A decade of experience in responsible investment has taught us that individuals and the wider industry’s views on sustainability/ESG are constantly evolving. In response to this challenge, in April and May 2017, we commenced a project with the support of Willis Towers Watson’s Thinking Ahead Institute to establish the investment beliefs across our entire business relating to ESG integration, climate change and sustainability.
Unprecedented among global asset managers, this project in its first phase involved a business wide exercise testing the extent of individuals beliefs on issues such as the materiality of ESG factors, the extent to which they are mispriced and can therefore contribute to long-term investment performance and the wider social purpose of sustainability, ESG and stewardship in investment management.
Helpfully, we are able to assess and benchmark our own beliefs against a peer group of managers and asset owners within the Willis Towers Watson client base who have completed a similar exercise.
The survey has established where employees have the strongest (and least) conviction on a range of potential beliefs statements. We have also evaluated the coherence of beliefs in terms of the degree of consistency and uniformity i.e. the extent to which individuals in a group share beliefs.
The analysis also reveals how beliefs vary among different groups within the business; from the leadership team to individual investment and operational teams, as well as across our different regions. This rich source of information has provided the basis to build a draft set of investment beliefs for the business. This will require internal consultations and workshops to establish and then define an agreed set of statements which will integrate and align with our corporate culture. The research will also allow us to ascertain if there are any regional biases across the organisation by, for example, comparing views of our colleagues in Europe or Asia with those of our Australian and US-based staff.
When this process is complete, it will enable us to review and enhance our investment Principles and Policies and to assess how our current range of investment portfolios’ comply.
Some early raw output from this research includes data that indicates that:
80% of our investment professionals believe that considering ESG issues leads to more complete analyses and over 90% believe that stewardship can positively influence company behaviour and returns. Our senior executive committee, known as the Operating Group, showed even stronger support with over 90% support for these statements. No one in the Operating Group disagreed with the statements while there was less than 5% disagreement among investment professionals.
Most investment professionals believe that neither ESG nor long-term factors are efficiently priced by markets. Around 75% believe that investors are over sensitive to short-term factors. A similar number believe that risks and opportunities associated with ESG externalities are not being captured in market values.

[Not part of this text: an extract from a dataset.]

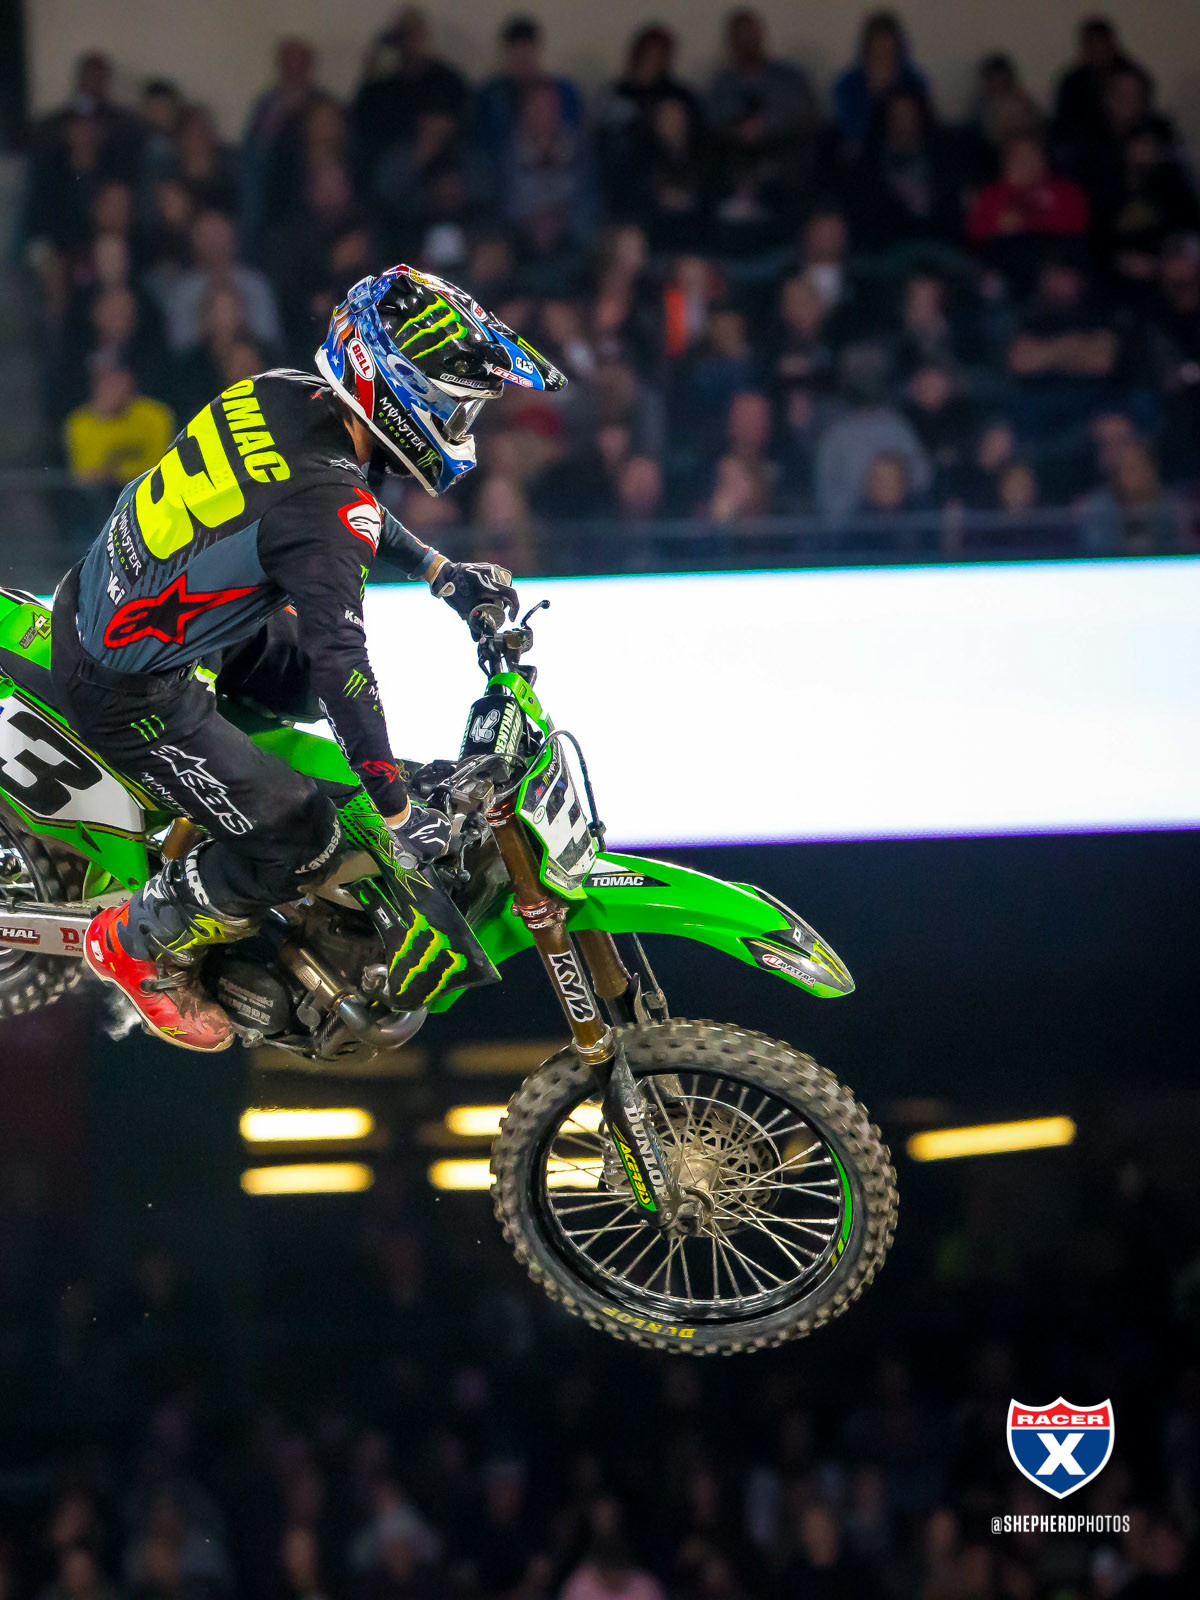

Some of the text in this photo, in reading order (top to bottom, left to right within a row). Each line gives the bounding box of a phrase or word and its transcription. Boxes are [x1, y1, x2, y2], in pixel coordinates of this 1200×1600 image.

There was majority belief that climate change will have a material impact now or within the next 10 years. However, beliefs on the extent of the financial impact were mixed with almost 45% believing the impacts would be moderate or negligible over the next 20 years. At the same time 40% believed that the impact would be either substantial or extreme over that period.
A more difficult question, however, related to fossil fuels, with 28% believing technological advances would overcome the risk of these resources becoming stranded, while 35% held the opposing view. This reflects the challenge of attempting to value the impact of as yet unknown and unpredictable climate volatility.
Notwithstanding these results, more than 70% of our investment professionals believe that companies will gain signficant competitive advantages from a strategic response to these issues.
The link between broader societal and environmental sustainability to stewardship and RI in this regard was also clear. With strong support for ‘sustainable investment’ to be broader than ESG and also include the sustainability of the economic and financial systems, and for asset owners to take a more assertive role in this regard.
85% support the view that asset owners should, as a part of their duties, consider both the direct and indirect ESG impacts of their investments. Our investment professionals also believe that asset owners should incorporate these factors into investment mandates and monitor investment managers accordingly.